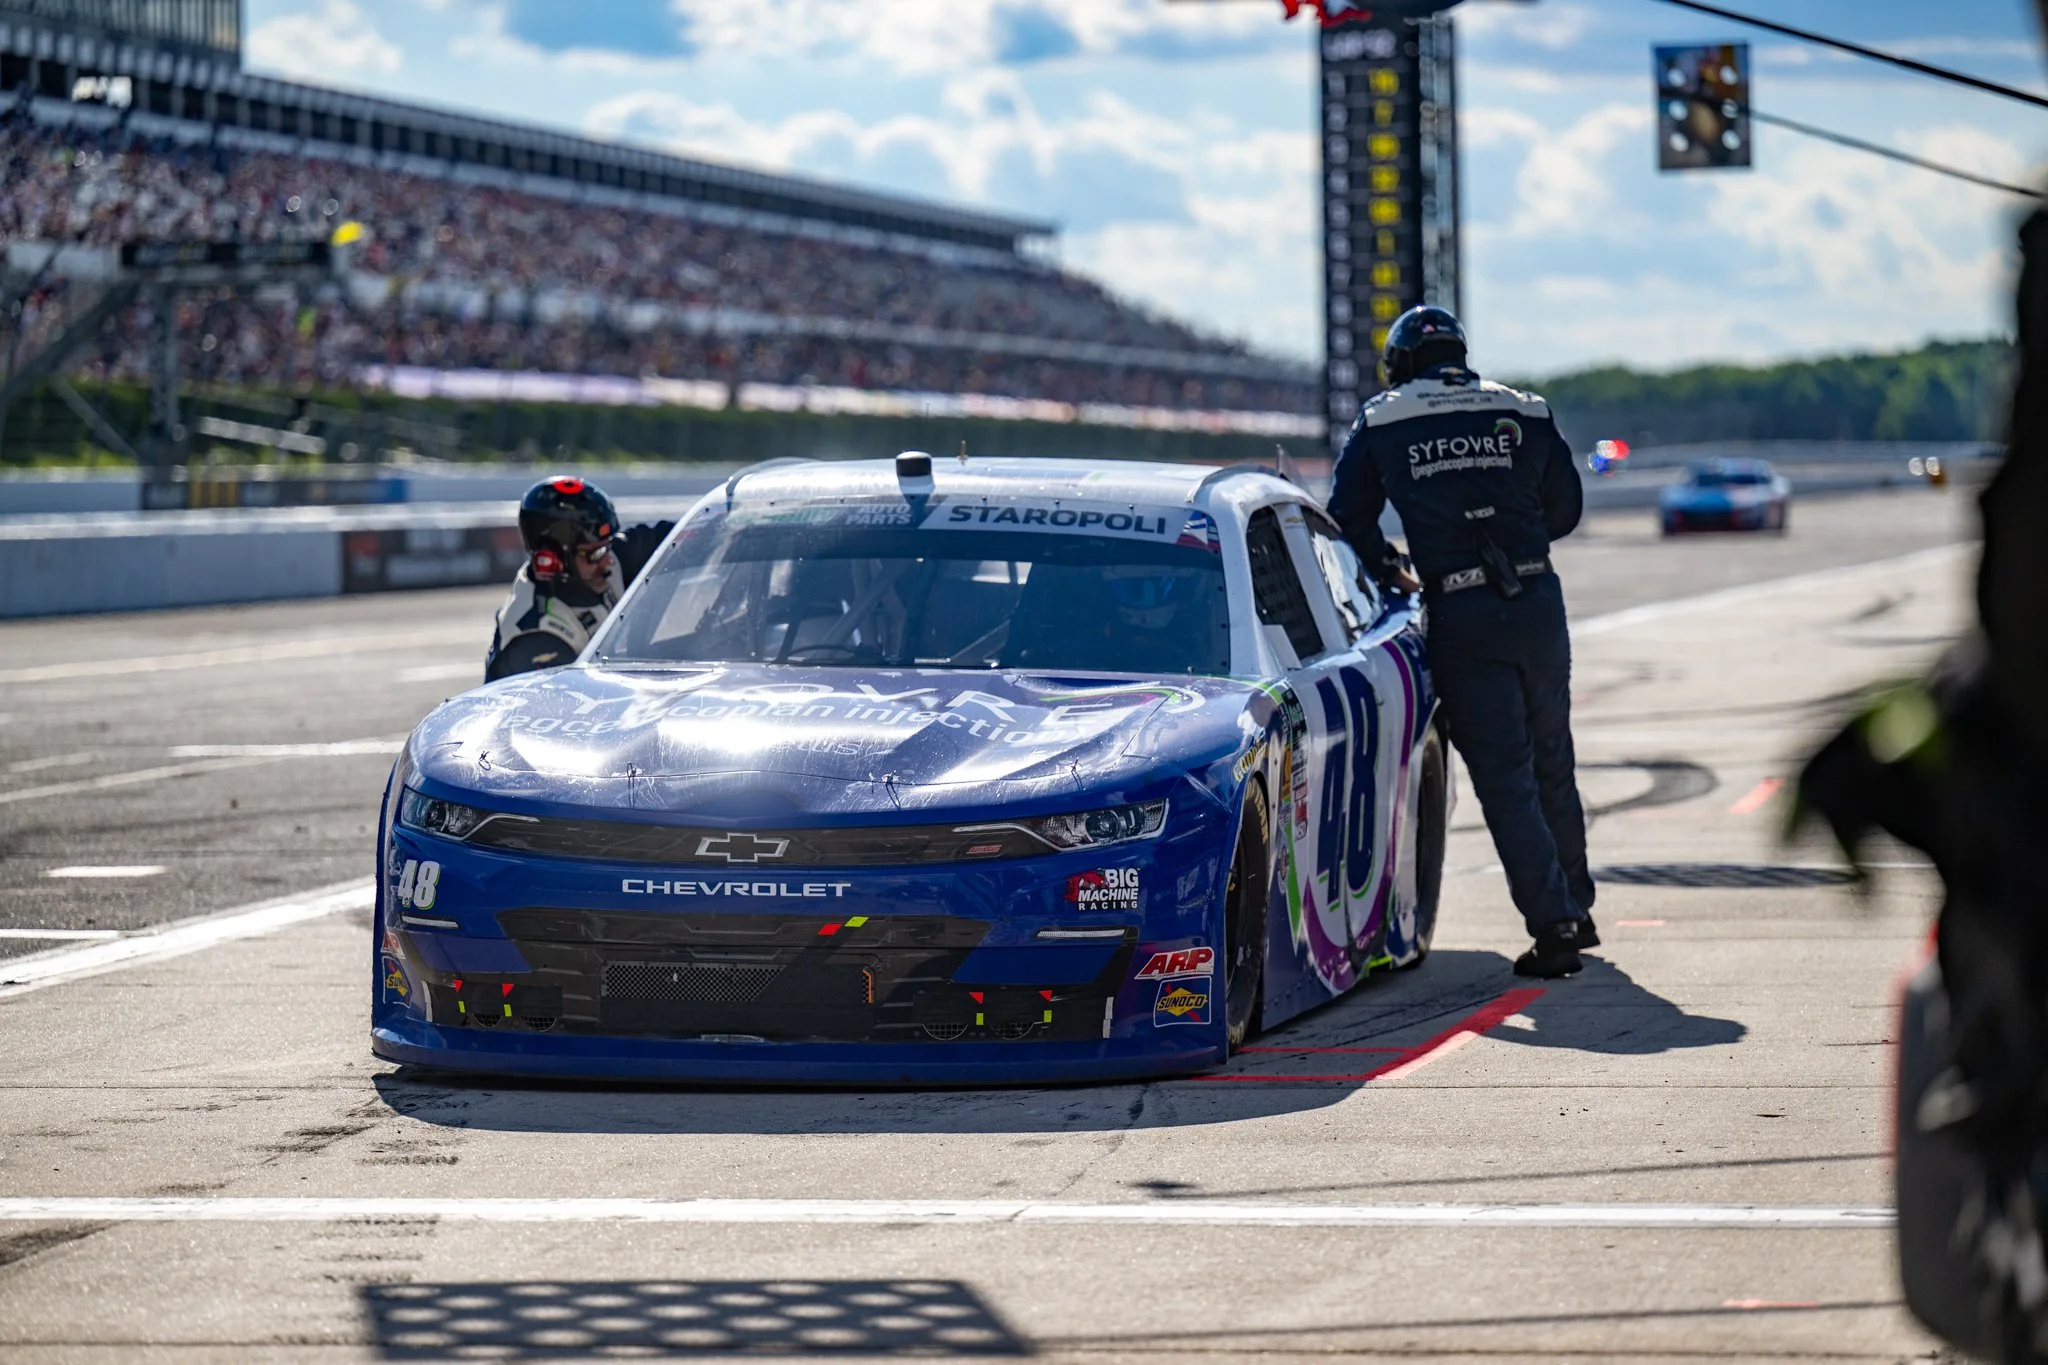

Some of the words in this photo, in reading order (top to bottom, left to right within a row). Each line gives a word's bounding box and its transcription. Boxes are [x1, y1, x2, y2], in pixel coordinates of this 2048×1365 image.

[1408, 434, 1511, 464] SYFOVRE
[856, 503, 911, 514] AUTO
[845, 513, 912, 525] PARTS
[948, 504, 1166, 535] STAROPOLI
[397, 859, 441, 910] 48
[1104, 867, 1140, 888] BIG
[621, 879, 852, 897] CHEVROLET
[1078, 887, 1139, 902] MACHINE
[1078, 901, 1138, 911] RACING
[1140, 948, 1213, 975] ARP
[1158, 995, 1205, 1009] SUNOCO
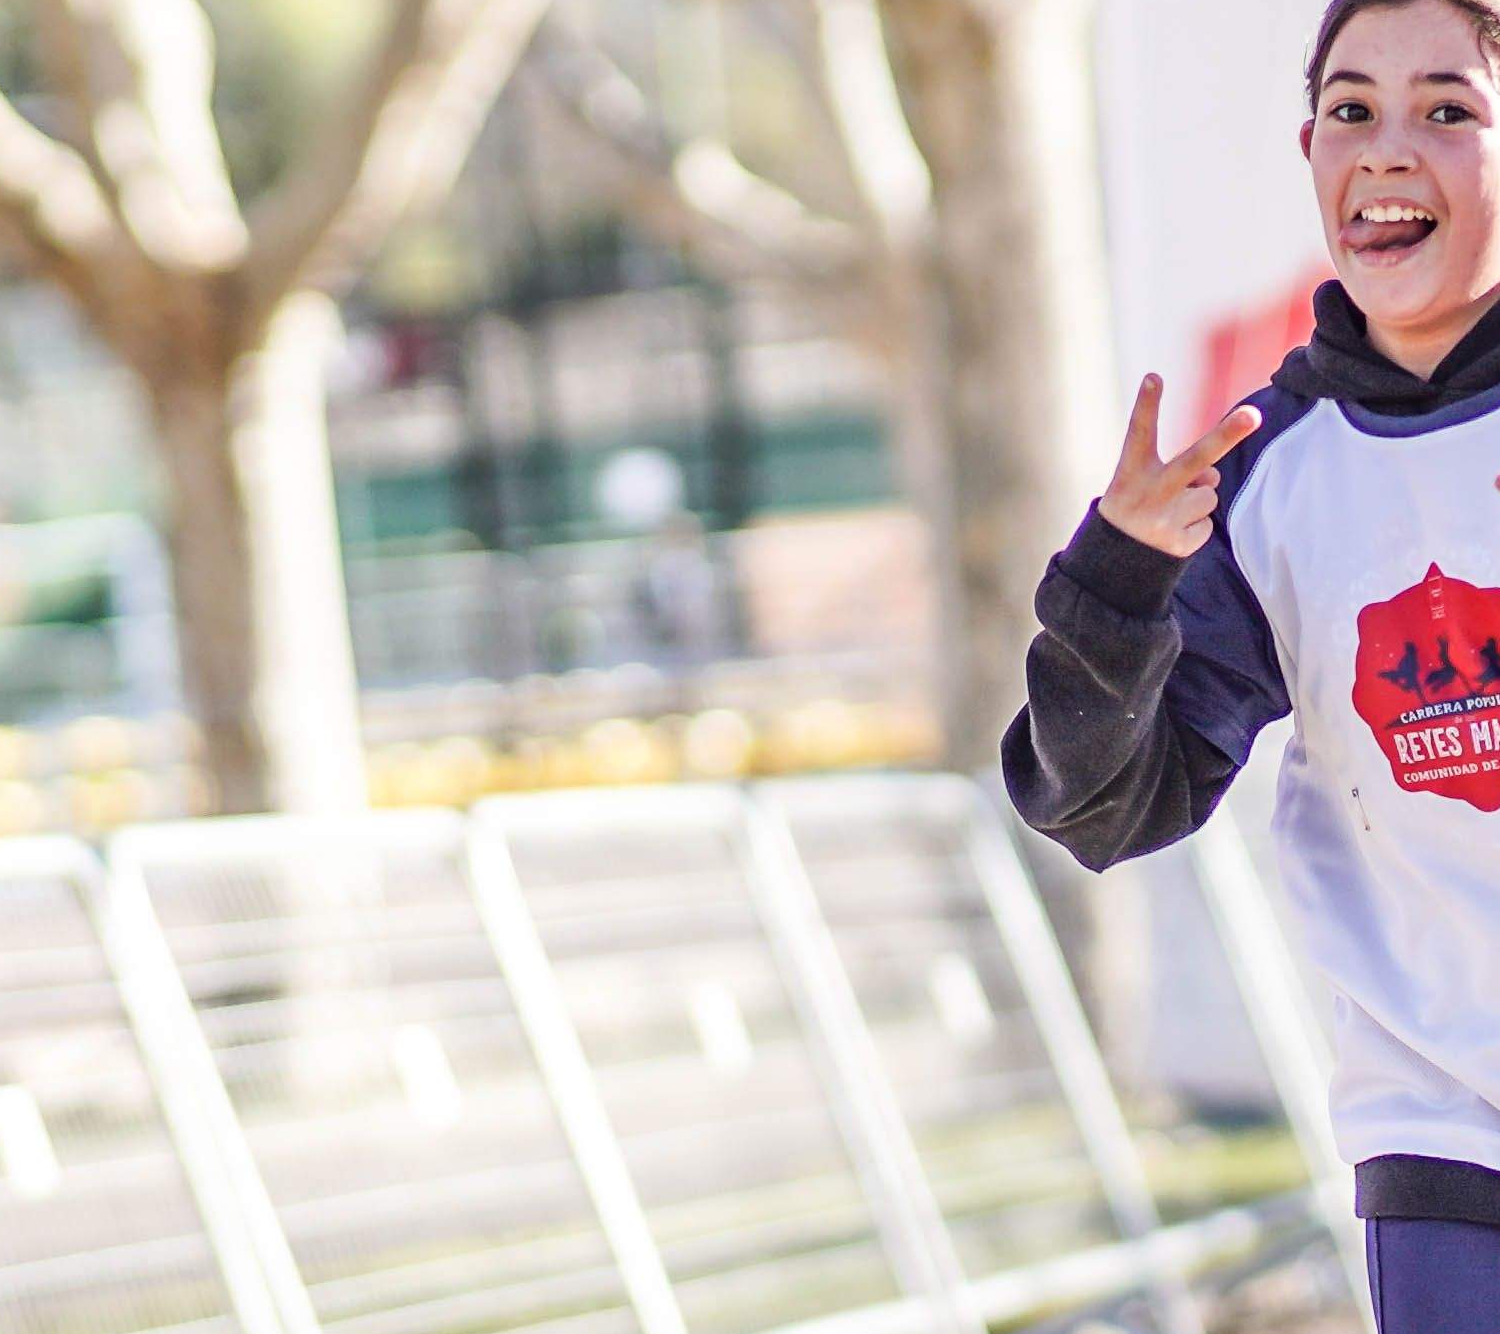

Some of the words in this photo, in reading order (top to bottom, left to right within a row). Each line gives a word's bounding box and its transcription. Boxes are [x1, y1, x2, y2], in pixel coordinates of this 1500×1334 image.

[1400, 701, 1463, 724] CARRERA
[1393, 726, 1463, 764] REYES
[1403, 763, 1479, 784] COMUNIDAD
[1481, 759, 1500, 772] DE
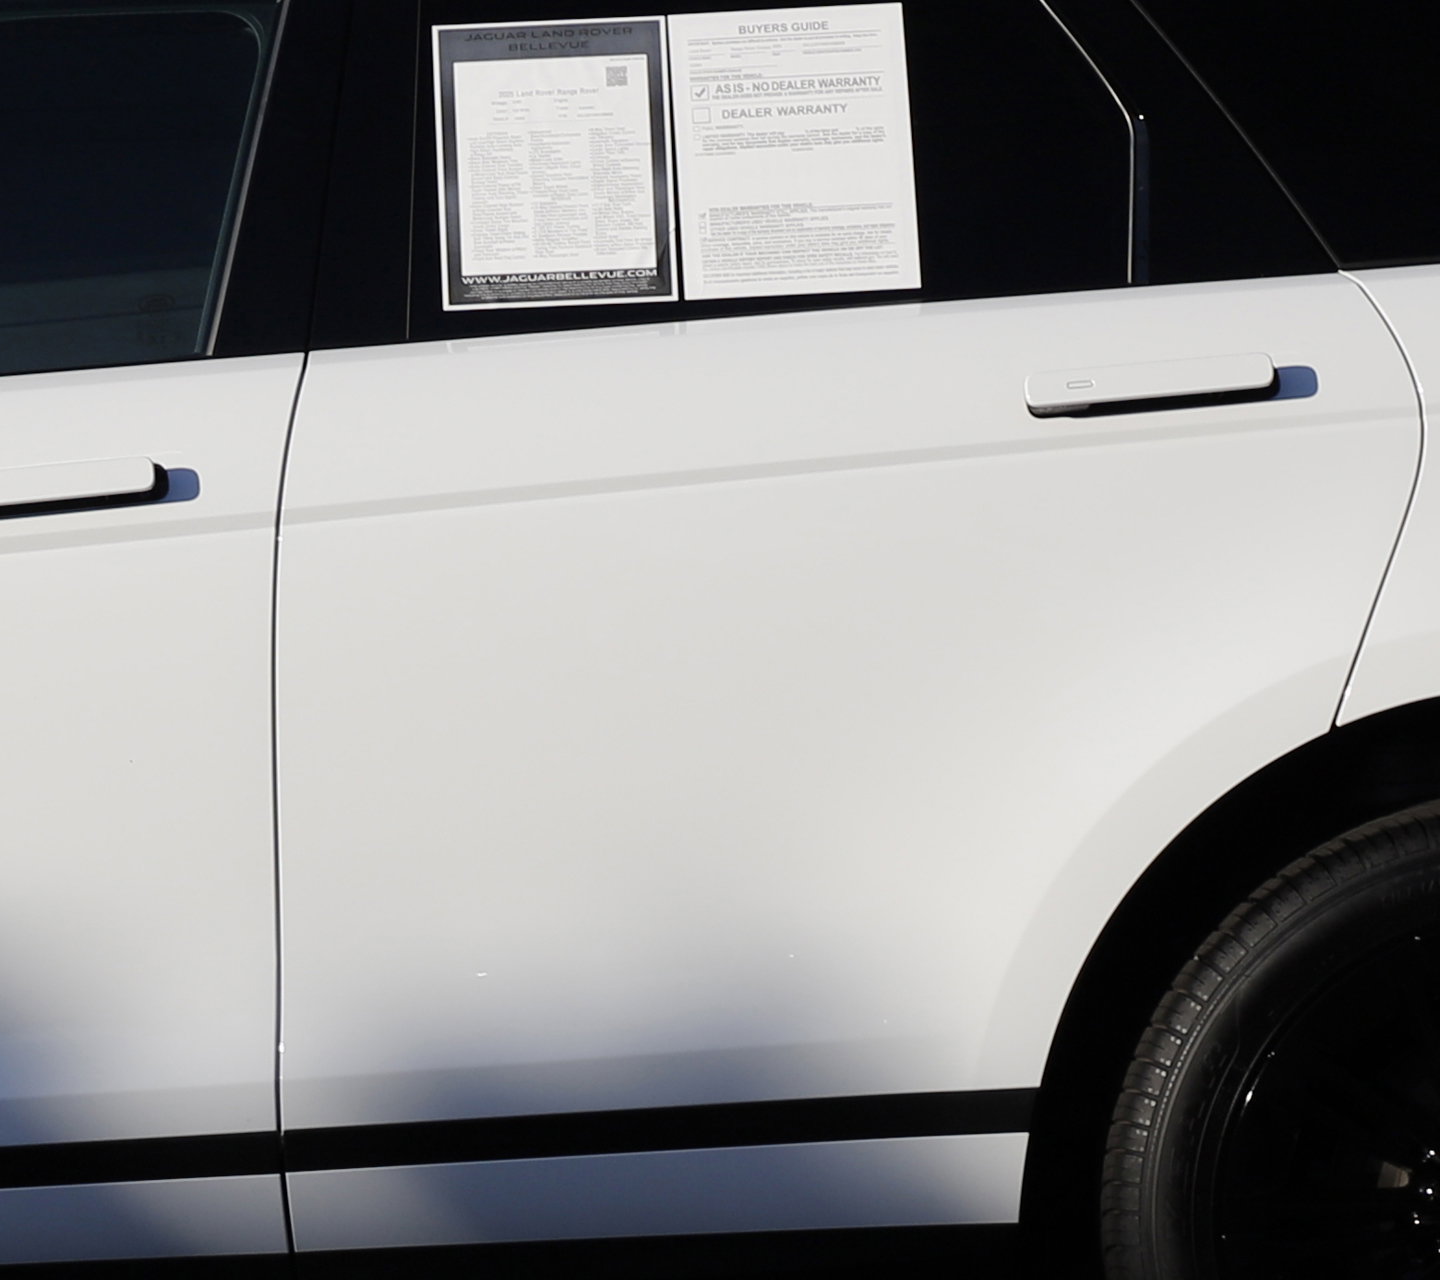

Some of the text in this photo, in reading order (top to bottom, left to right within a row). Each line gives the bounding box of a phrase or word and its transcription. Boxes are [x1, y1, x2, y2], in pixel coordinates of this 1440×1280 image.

==========

# To do
Reproduce the preceding material exactly, skipping pictures.

# Your solution
Some of the words in this photo, in reading order (top to bottom, left to right within a row). Each line gives a word's bounding box and its transcription. Boxes are [x1, y1, x2, y2], in pixel coordinates of this 2048×1365 image.

[1408, 434, 1511, 464] SYFOVRE
[856, 503, 911, 514] AUTO
[845, 513, 912, 525] PARTS
[948, 504, 1166, 535] STAROPOLI
[397, 859, 441, 910] 48
[1104, 867, 1140, 888] BIG
[621, 879, 852, 897] CHEVROLET
[1078, 887, 1139, 902] MACHINE
[1078, 901, 1138, 911] RACING
[1140, 948, 1213, 975] ARP
[1158, 995, 1205, 1009] SUNOCO

Some of the words in this photo, in reading order (top to bottom, left to right within a row). Each line gives a word's bounding box and its transcription. Boxes are [x1, y1, x2, y2], in pixel coordinates of this 1500×1334 image.

[1400, 701, 1463, 724] CARRERA
[1393, 726, 1463, 764] REYES
[1403, 763, 1479, 784] COMUNIDAD
[1481, 759, 1500, 772] DE

Some of the text in this photo, in reading order (top to bottom, left to right within a row). Each line gives the bounding box of a phrase or word and its transcription. Boxes are [x1, y1, x2, y2], in pixel coordinates of this 1440×1280 image.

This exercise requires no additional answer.